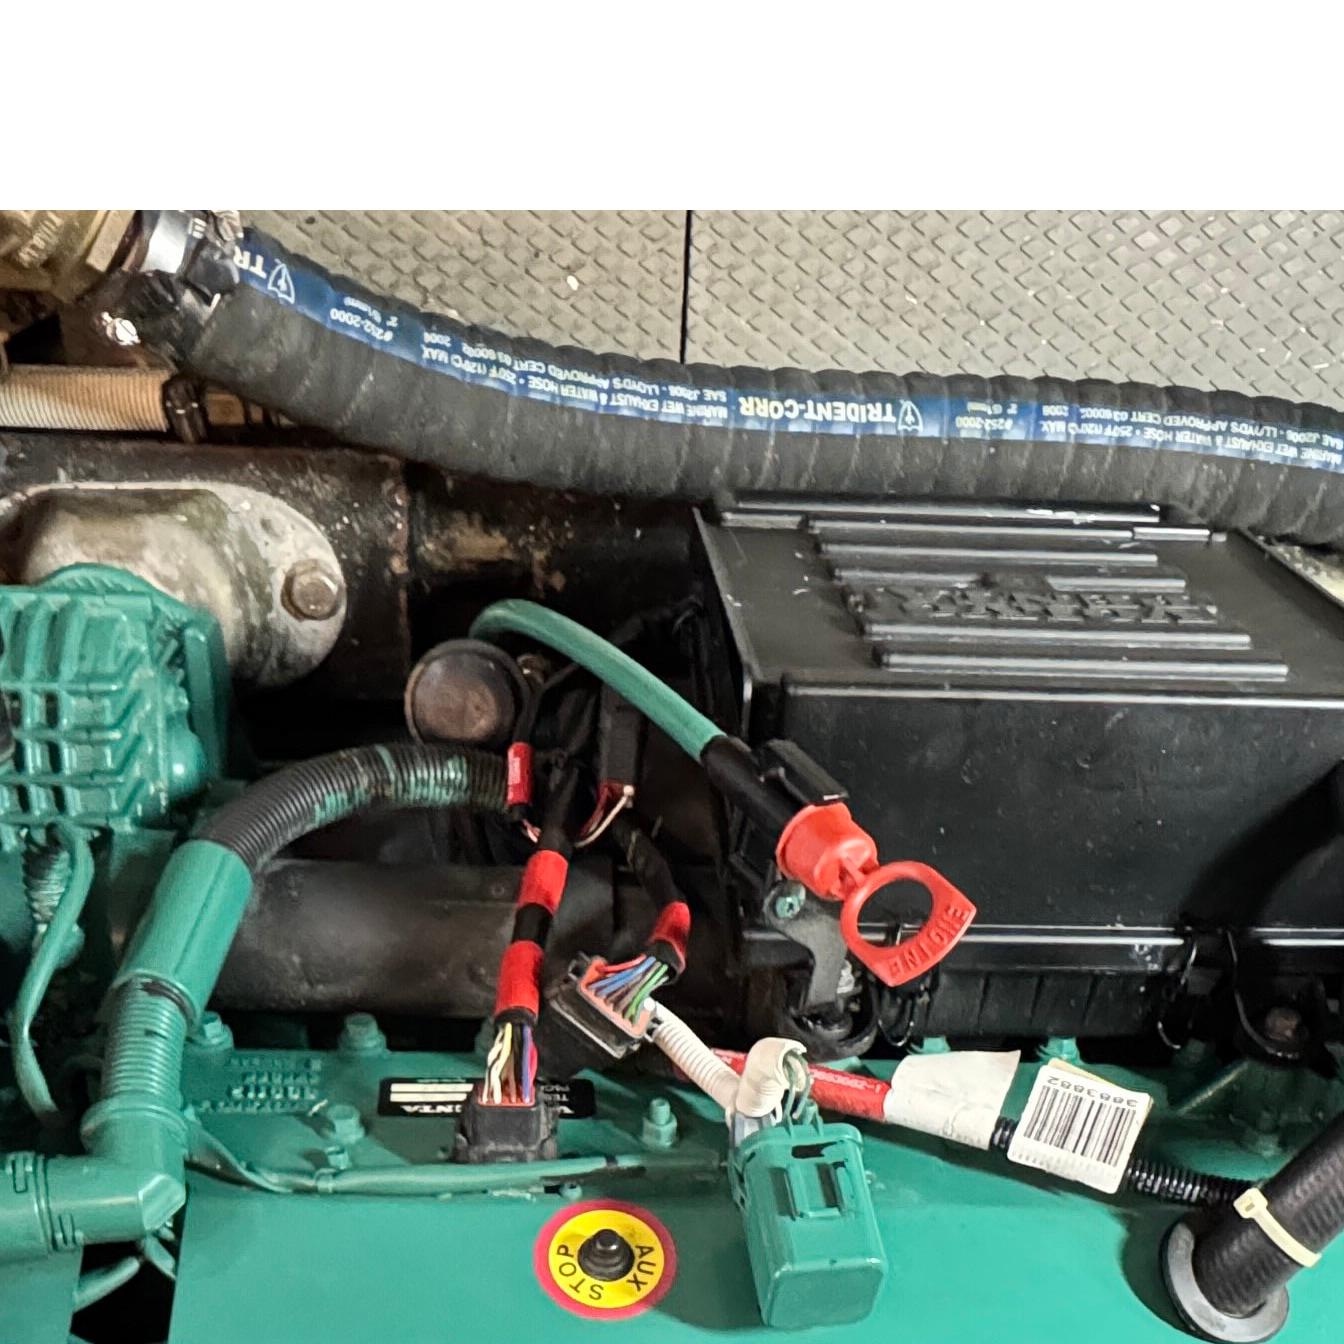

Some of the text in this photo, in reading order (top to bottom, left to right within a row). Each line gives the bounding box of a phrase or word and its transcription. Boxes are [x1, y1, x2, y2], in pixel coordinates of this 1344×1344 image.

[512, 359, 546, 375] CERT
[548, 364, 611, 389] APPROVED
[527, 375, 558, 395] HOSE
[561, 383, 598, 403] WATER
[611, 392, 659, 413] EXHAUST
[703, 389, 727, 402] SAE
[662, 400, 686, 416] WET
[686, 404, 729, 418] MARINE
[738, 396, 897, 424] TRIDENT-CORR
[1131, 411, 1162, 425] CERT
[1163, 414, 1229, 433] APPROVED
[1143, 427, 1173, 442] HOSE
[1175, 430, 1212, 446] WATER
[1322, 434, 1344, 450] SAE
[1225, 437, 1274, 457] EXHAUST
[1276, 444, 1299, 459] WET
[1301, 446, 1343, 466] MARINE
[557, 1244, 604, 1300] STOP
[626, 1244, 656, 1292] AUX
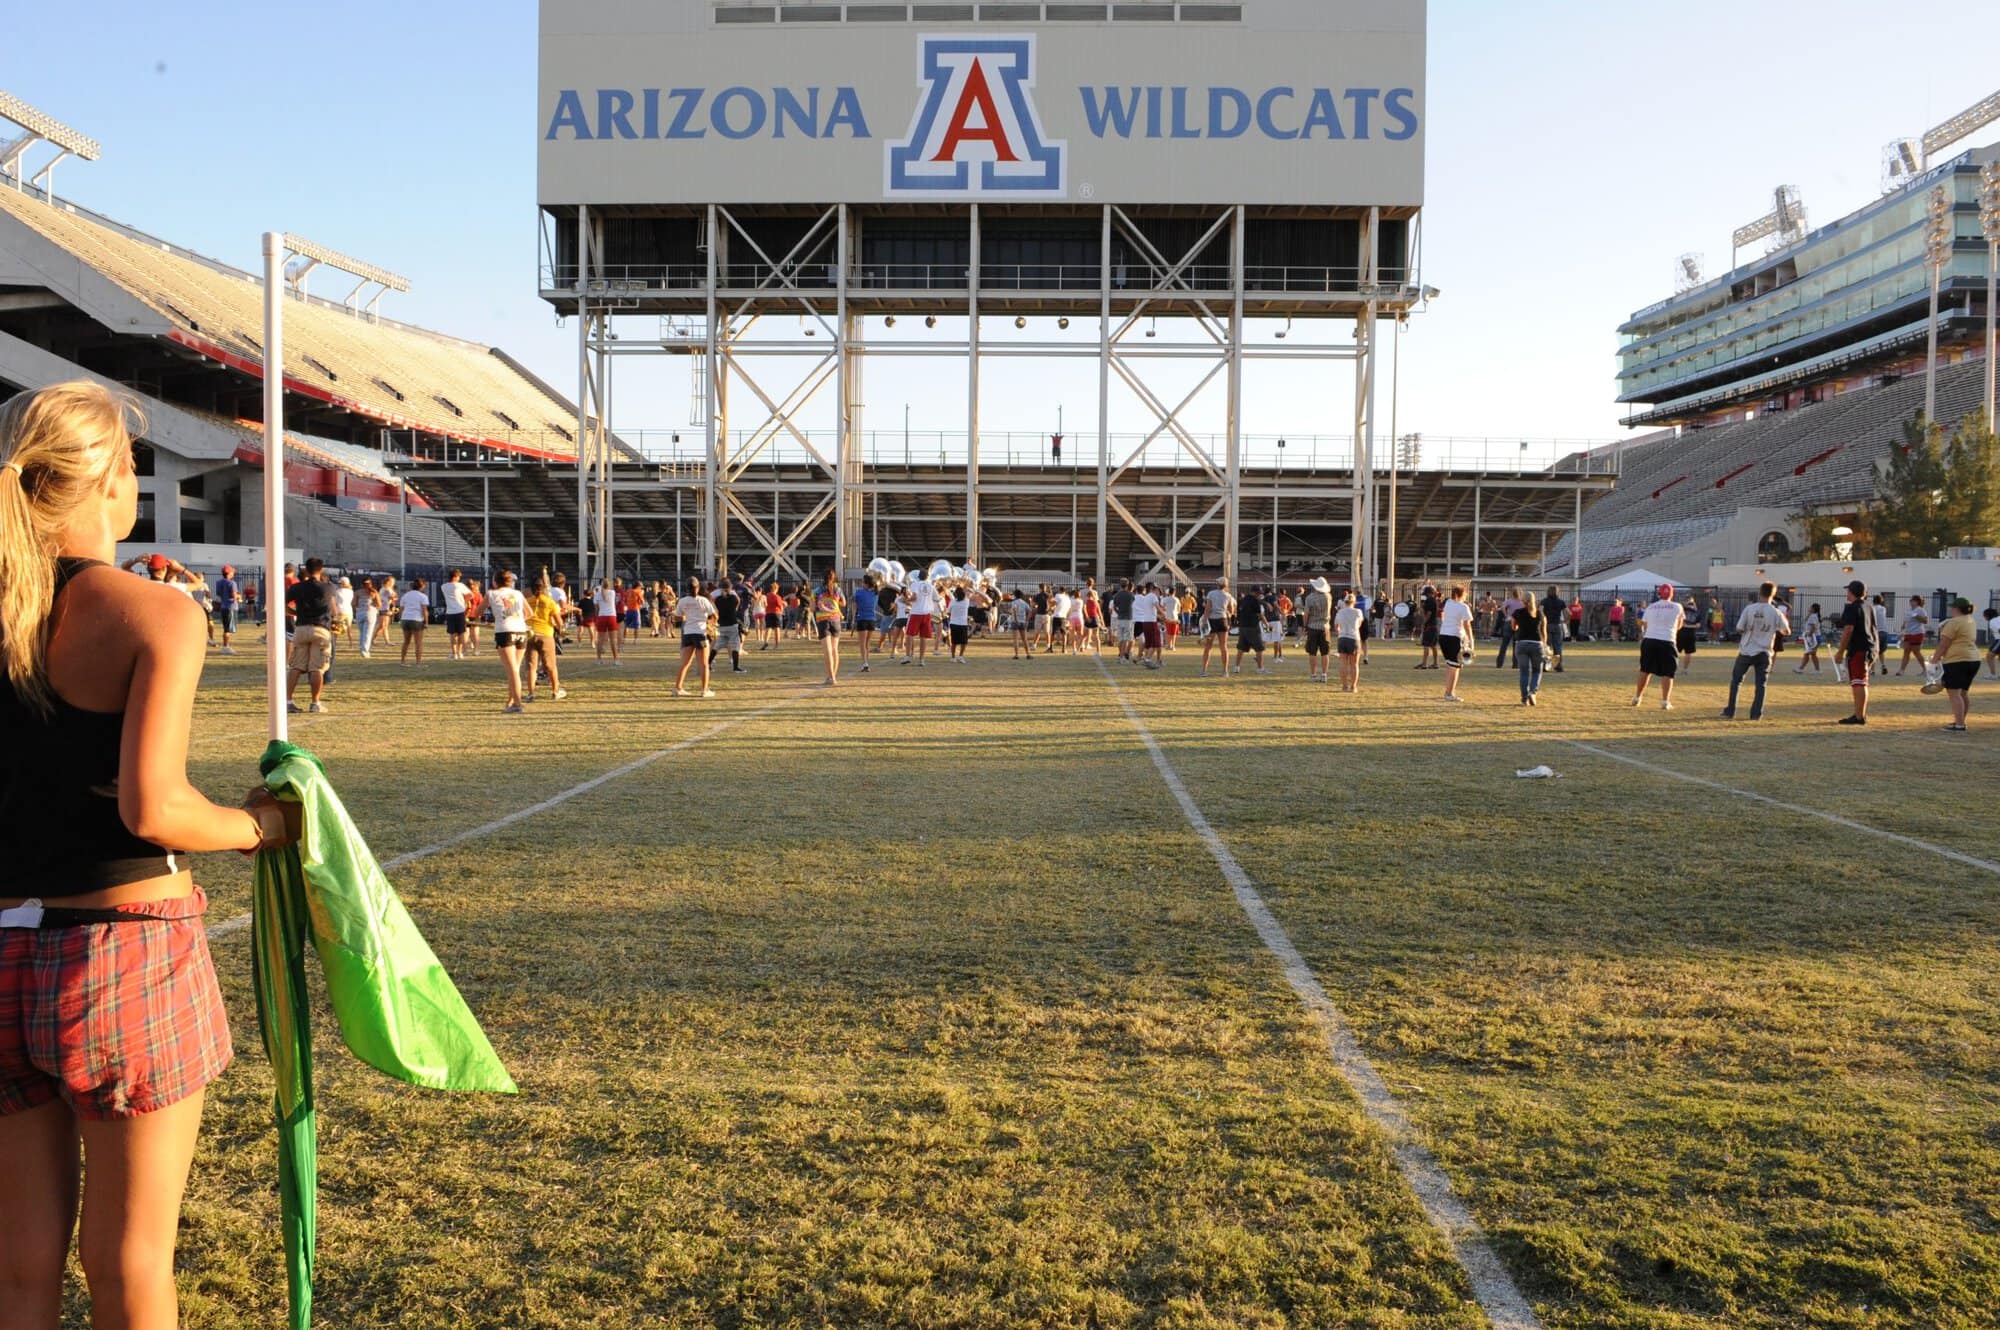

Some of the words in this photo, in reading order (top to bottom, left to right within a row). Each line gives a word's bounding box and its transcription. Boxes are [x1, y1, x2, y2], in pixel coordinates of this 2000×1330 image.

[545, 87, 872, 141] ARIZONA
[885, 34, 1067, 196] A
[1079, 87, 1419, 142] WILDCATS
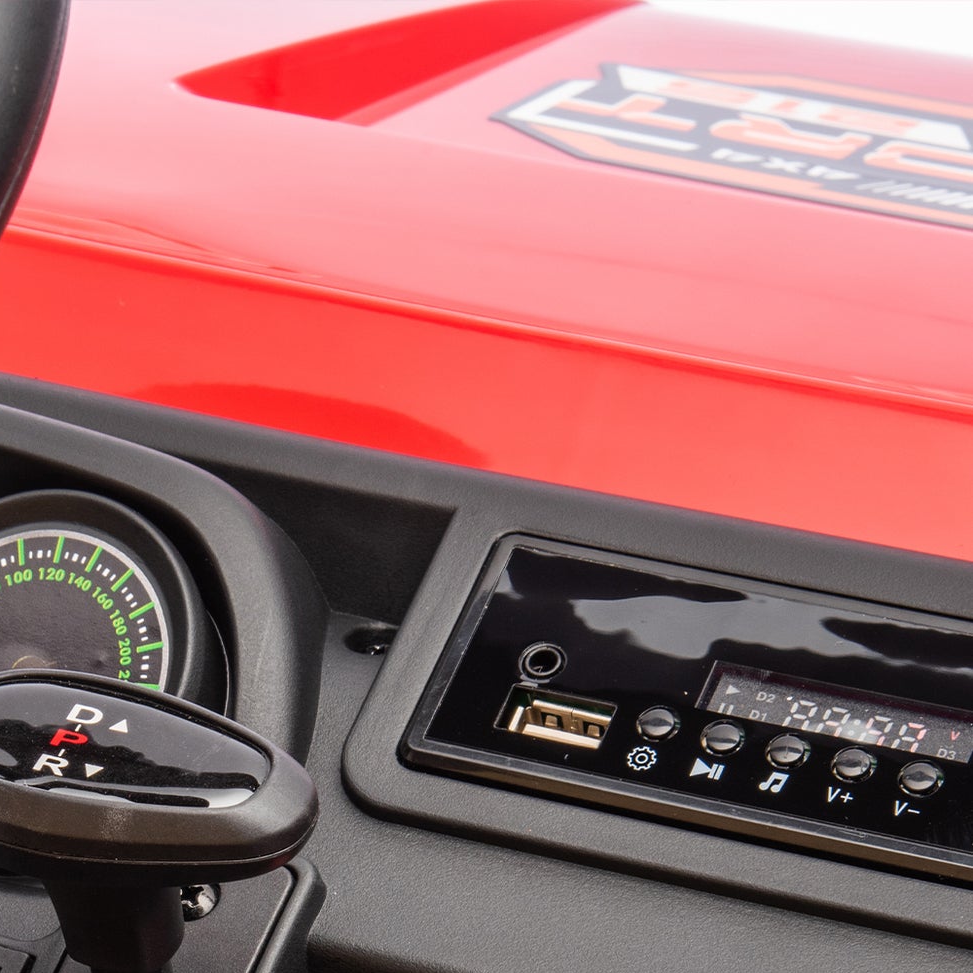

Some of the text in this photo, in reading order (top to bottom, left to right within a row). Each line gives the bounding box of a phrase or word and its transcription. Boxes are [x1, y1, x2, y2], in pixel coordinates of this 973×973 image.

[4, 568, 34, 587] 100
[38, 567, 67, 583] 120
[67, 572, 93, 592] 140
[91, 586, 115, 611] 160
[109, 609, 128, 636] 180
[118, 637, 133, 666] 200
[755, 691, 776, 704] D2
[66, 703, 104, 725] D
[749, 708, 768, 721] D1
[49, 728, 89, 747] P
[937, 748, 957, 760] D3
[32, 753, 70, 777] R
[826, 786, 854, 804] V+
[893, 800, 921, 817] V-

----

### REQUIRED WORK:
The required output is the line containing "this 973×973 image." through the last line of the records above, each copied exactly and nothing more.

### SOLUTION FOR THIS TASK:
Some of the text in this photo, in reading order (top to bottom, left to right within a row). Each line gives the bounding box of a phrase or word and its transcription. Boxes are [x1, y1, x2, y2], in pixel coordinates of this 973×973 image.

[4, 568, 34, 587] 100
[38, 567, 67, 583] 120
[67, 572, 93, 592] 140
[91, 586, 115, 611] 160
[109, 609, 128, 636] 180
[118, 637, 133, 666] 200
[755, 691, 776, 704] D2
[66, 703, 104, 725] D
[749, 708, 768, 721] D1
[49, 728, 89, 747] P
[937, 748, 957, 760] D3
[32, 753, 70, 777] R
[826, 786, 854, 804] V+
[893, 800, 921, 817] V-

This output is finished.